In a previous paper entitled “A Unifying Hypothesis of the Pathophysiology of Myalgic Encephalomyelitis/Chronic Fatigue Syndrome (ME/CFS): Recognitions from the finding of autoantibodies against ß2-adrenergic receptors “we discussed how ß2AdR dysfunction could be causally involved in the pathophysiology of ME/CFS [6]. To briefly summarize this hypothesis: ß2AdR are important vasodilator receptors in the heart, brain and skeletal muscles, and are expressed on endothelial cells to release nitric oxide and on vascular smooth muscles cells to cause direct vasodilation. M3-muscarinergic receptors release nitric oxide from endothelial cells. The dysfunction of these receptors may result in ED impairing vasodilator influences. Mental and skeletal muscle fatigue that are hallmarks of ME/CFS may be caused by ED resulting in misery perfusion. Along with this vascular disturbance a unique cardiovascular situation is found in ME/CFS that is characterized by hypovolemia, preload failure, small hearts, orthostatic intolerance, postural tachycardia (POTS), chronotropic incompetence and most surprisingly a paradoxically low activity of the renin–angiotensin–aldosterone system. Numerous heart rate variability studies show a high sympathetic (vasoconstrictor) tone and a low vagal tone. Altogether, vasoconstrictor influences seem to be increased while vasodilator effects are obviously impaired by ß2AdR dysfunction and/or ED of other causes mentioned above.

Our hypothesis considers ME/CFS as a disease of a dysfunctional autonomic nervous system (ANS) resulting from sympathetic overactivity in the presence of dysfunctional ß2AdR and ED. The combined disturbance leads to a disruption of the physiological interaction between skeletal muscles and the cardiovascular system. High sympathetic tone in the presence of vascular dysfunction may lead to an excessive vasoconstrictor stimulus in the brain and skeletal muscles, which in the latter is counter-regulated by the metabolically stimulated generation of endogenous vasodilators in the physiological process of functional sympatholysis. A still enigmatic bioenergetic disturbance in skeletal muscle [23] strongly enhances the metabolically stimulated compensatory release of endogenous vasodilators in the muscle. Some of the released vasodilators like bradykinin and prostaglandins have algesic, hyperalgesic and spasmogenic actions and cause microvascular leakage and even open the blood brain barrier. Excessive generation of algesic vasodilators and their spillover into the systemic circulation could explain the unfavorable CV-situation causing hypovolemia and preload failure by microvascular leakage, renal hyperexcretion and by inhibition of renin production as consequence of renal hyperemia and tubular effects induced by those vasodilators. The latter annihilate the physiological signals for renin generation so that renin remains low and re-filling of the vasculature does not take place to perpetuate the state of hypovolemia. This in turn further raises sympathetic tone to even cause more vasoconstriction leading to a vicious circle. The appearance of hyperalgesic and spasmogenic vasodilators in the systemic circulation may explain many of the enigmatic symptoms of ME/CFS including pain, hyperalgesia, intestinal complaints, flu-like symptoms, sore lymph nodes and others.

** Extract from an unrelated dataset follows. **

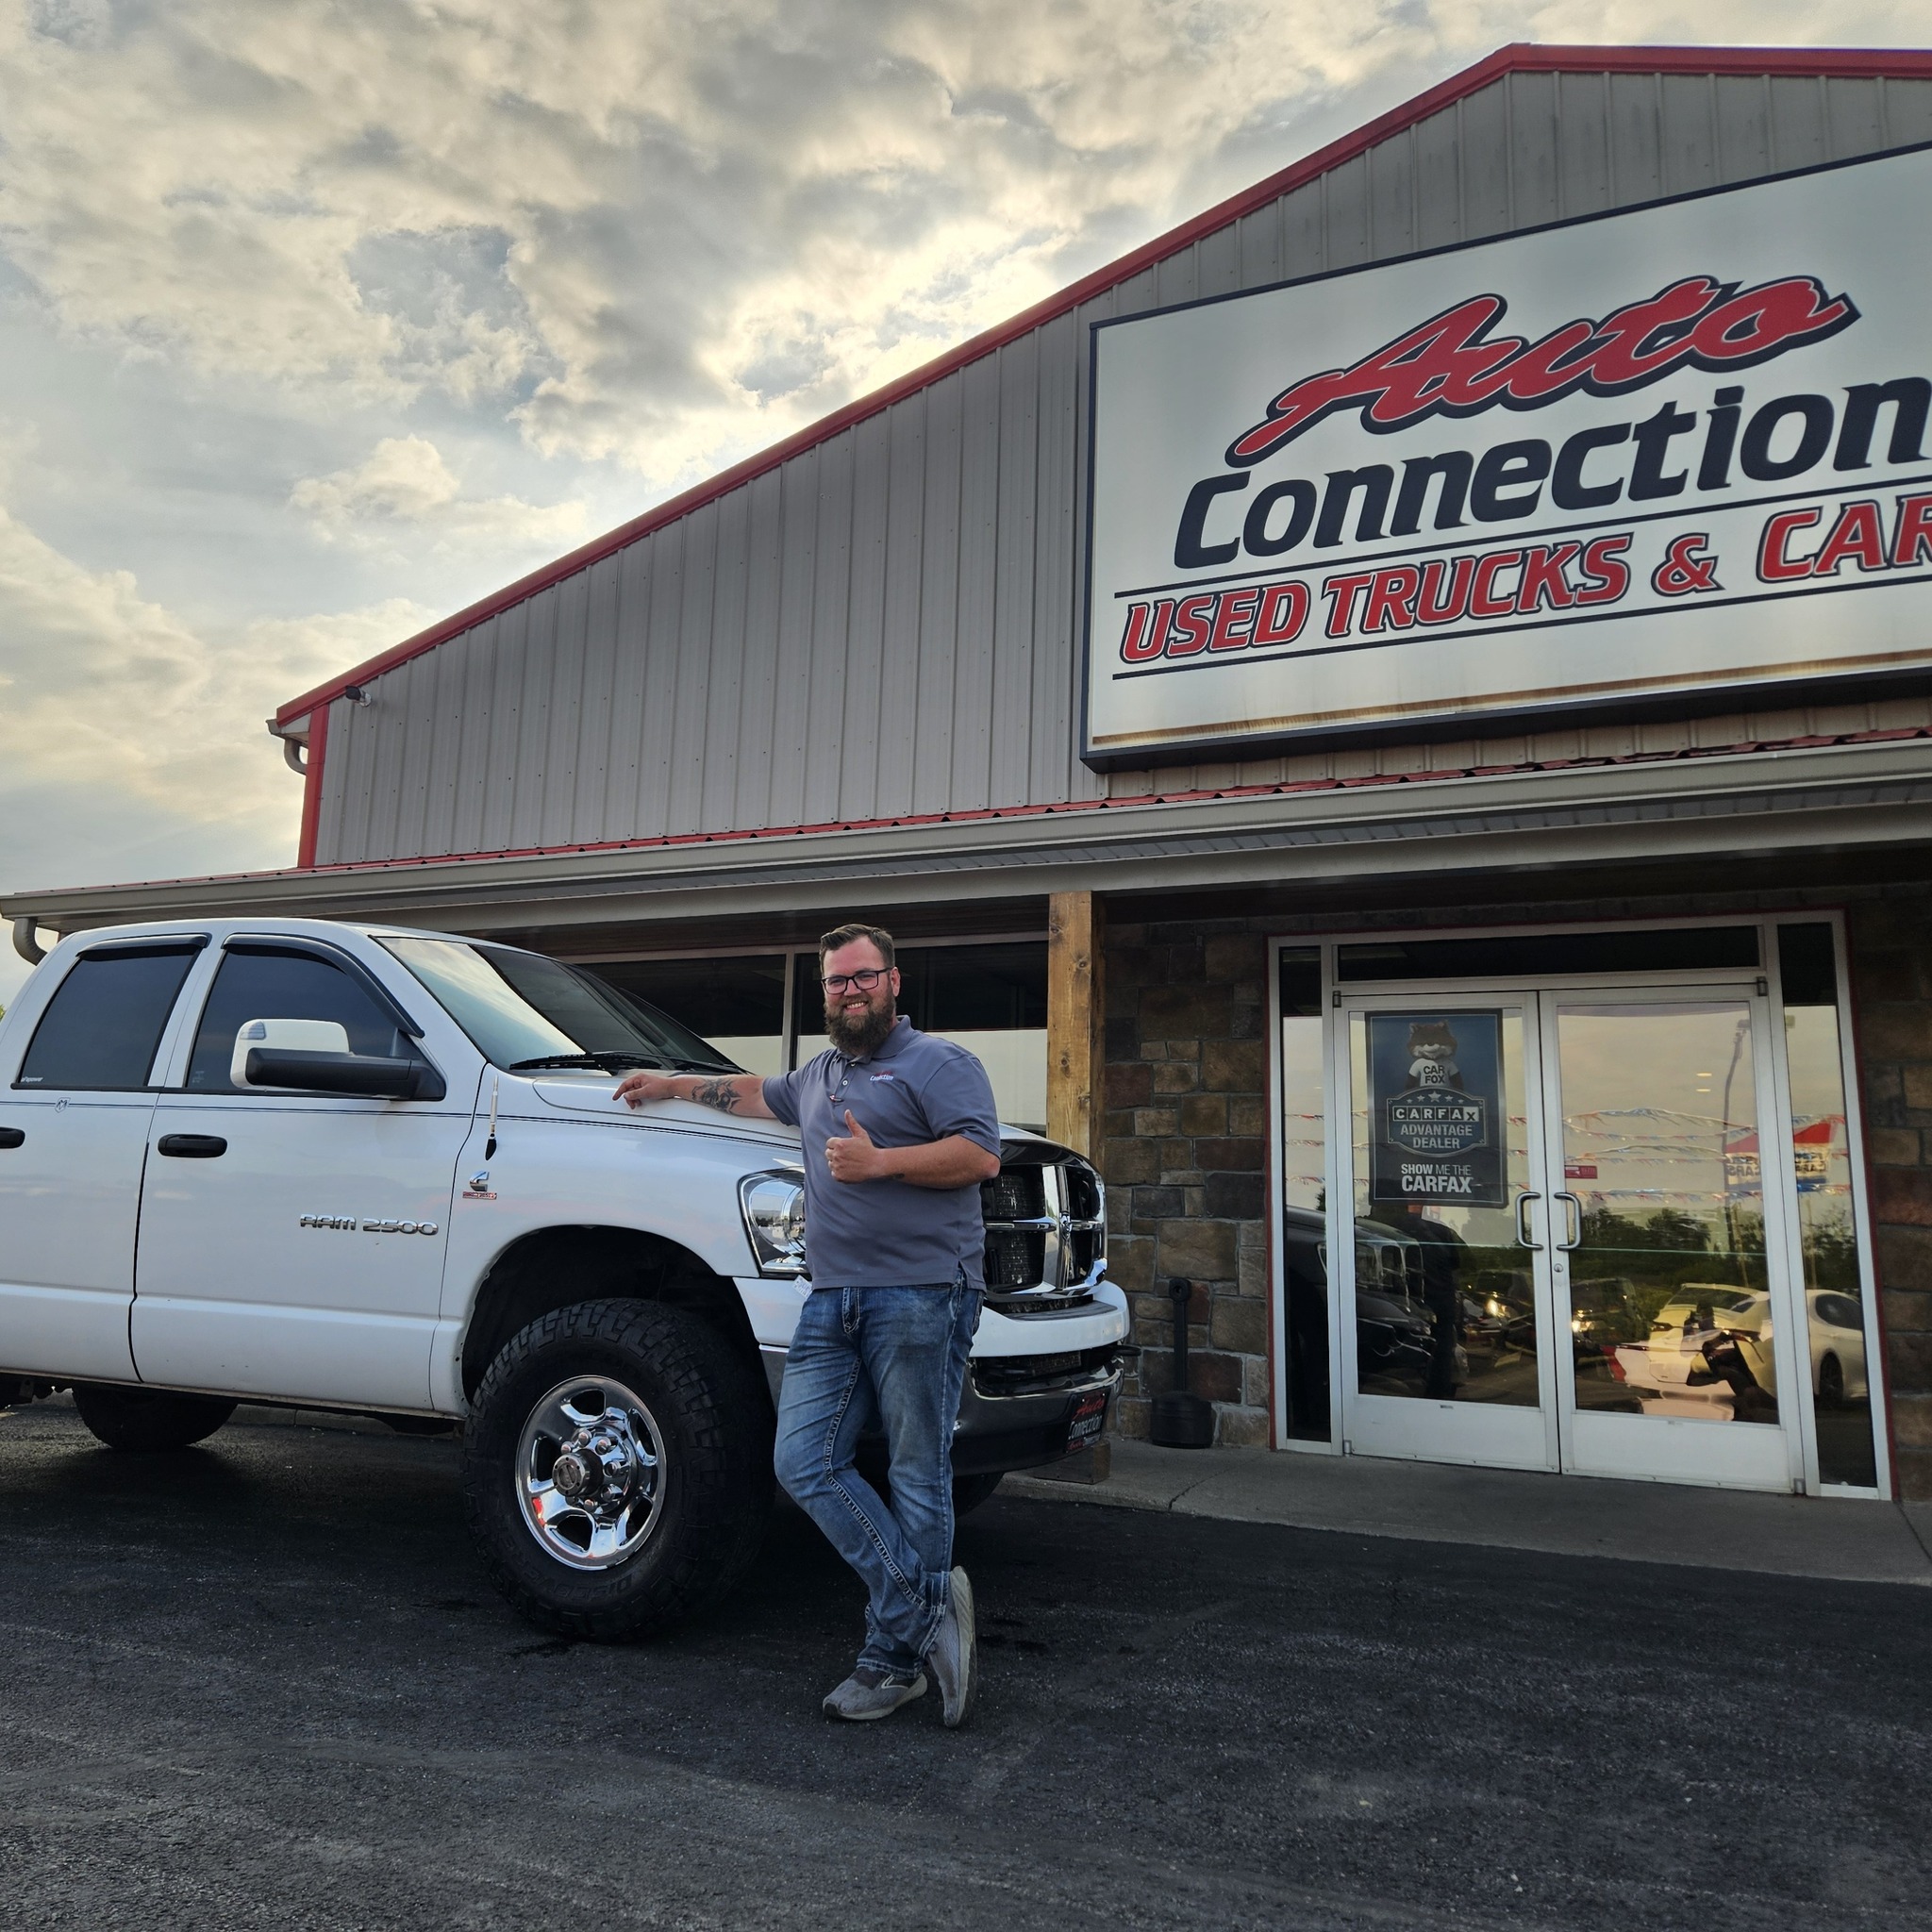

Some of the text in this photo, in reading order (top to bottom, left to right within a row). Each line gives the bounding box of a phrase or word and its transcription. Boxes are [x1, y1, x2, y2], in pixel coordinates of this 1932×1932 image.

In this second hypothesis paper the presumed mechanisms underlying the energetic disturbance in skeletal muscles in ME/CFS will be discussed. Various studies provide evidence of impaired muscle function and metabolism in ME/CFS. Patients with ME/CFS perform worse than controls in a controlled repeated exercise study [24]. Cultured human skeletal muscle cells from patients with ME/CFS show impaired glucose uptake and ATP levels [25]. Skeletal muscle acidosis or dysregulation of protons is found in ME/CFS patients during or after exercise [23, 26,27,28,29]. A diminished oxygen supply of muscles upon exercise is shown in several studies in ME/CFS patients [24], 30. In line with this, metabolic changes in ME/CFS indicate hypoxia and ischemia [31].

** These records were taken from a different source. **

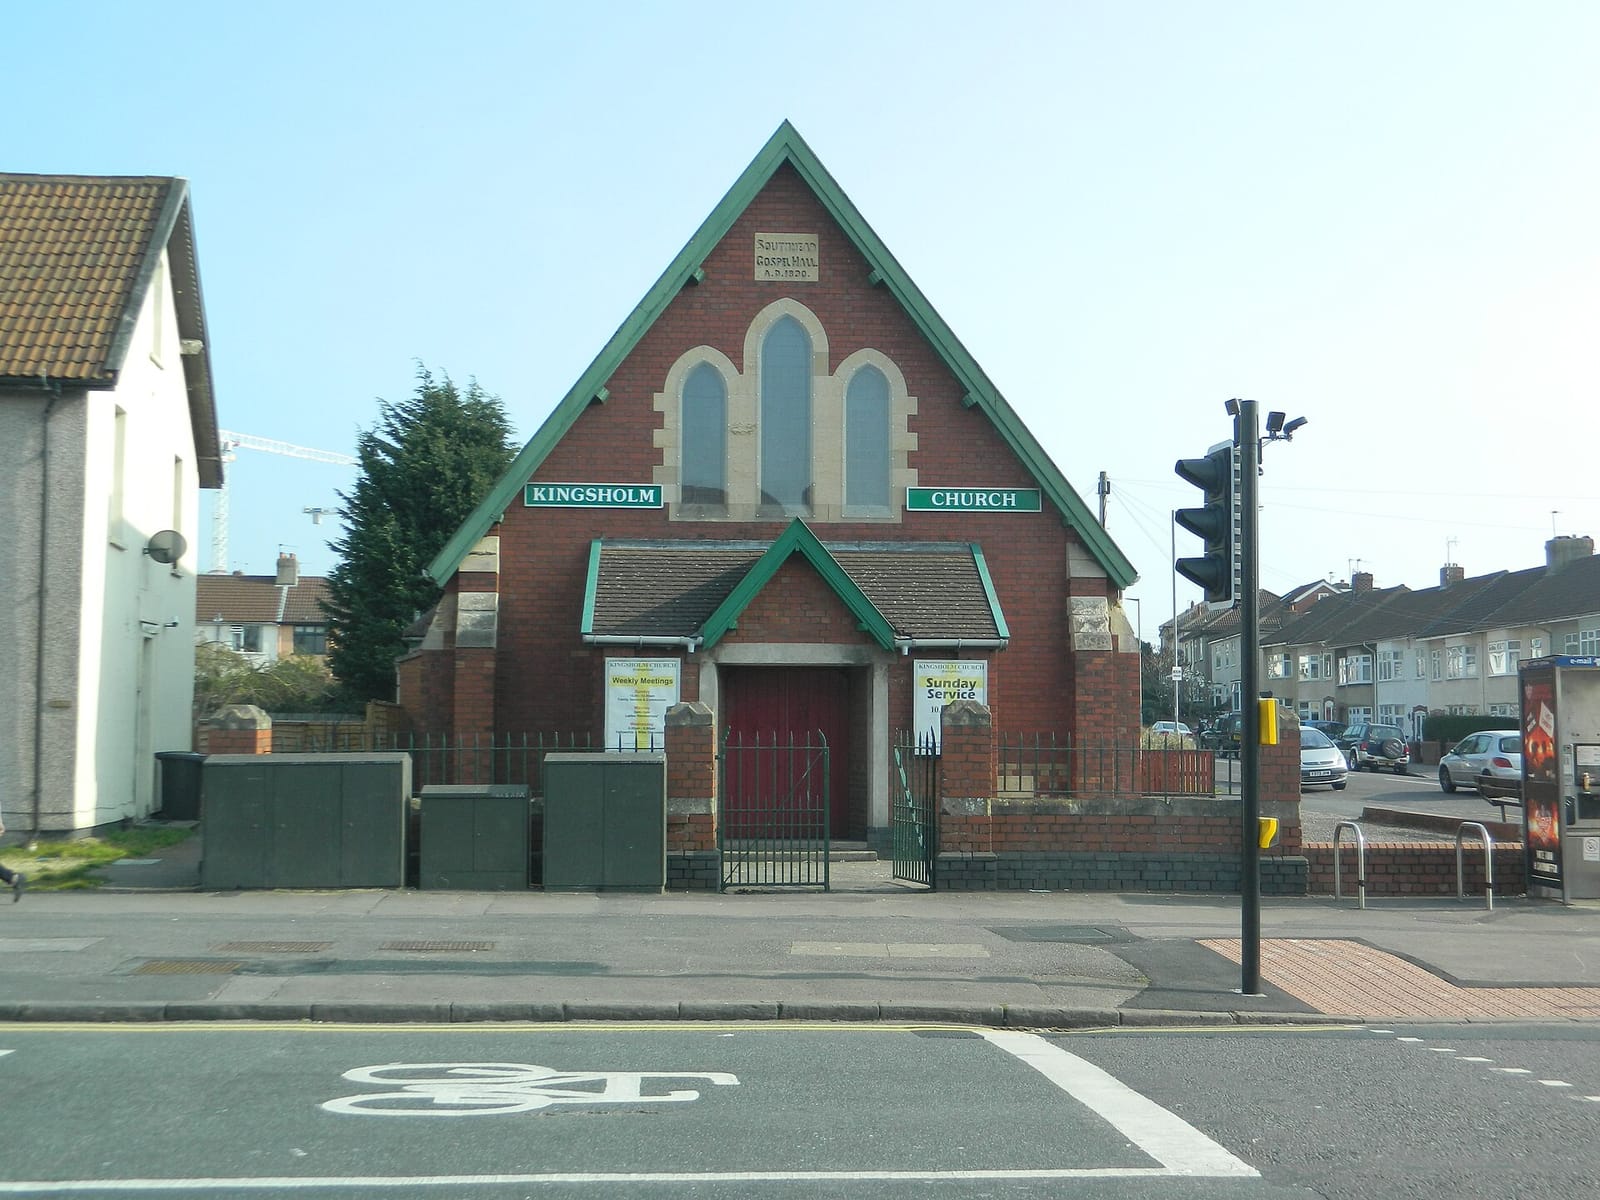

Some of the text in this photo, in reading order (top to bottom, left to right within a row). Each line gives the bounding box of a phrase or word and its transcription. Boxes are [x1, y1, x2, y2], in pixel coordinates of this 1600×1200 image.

[532, 487, 656, 503] KINGSHOLM
[931, 491, 1017, 507] CHURCH
[612, 677, 674, 685] Weekly Meetings
[926, 677, 977, 691] Sunday
[927, 689, 976, 700] Service

While in the previous hypothesis paper we had focused on the role of ß2AdR as important vasodilators in the brain and skeletal muscle and on their role in the heart (positive chronotropic and inotropic effects) in this paper we focus on the potential pathomechanistic role of the ß2AdR as an important stimulator of the Na+/K+-ATPase in skeletal muscles [32, 33]. Appropriate muscular perfusion as well as function of the Na+/K+-ATPase activity determine muscle fatigability. Experimentally, the function of Na+/K+-ATPase is strongly related to recovery of muscular force [32]. We presume that dysfunction of the ß2AdR in the presence of a high sympathetic tone not only leads to impaired muscular perfusion but also to an insufficient stimulation of the Na+-K+-ATPase and that this entails complex ionic disturbances in the muscles, which particularly affect the mitochondria, to further worsen the energetic situation and cause exercise intolerance and postexertional malaise (PEM).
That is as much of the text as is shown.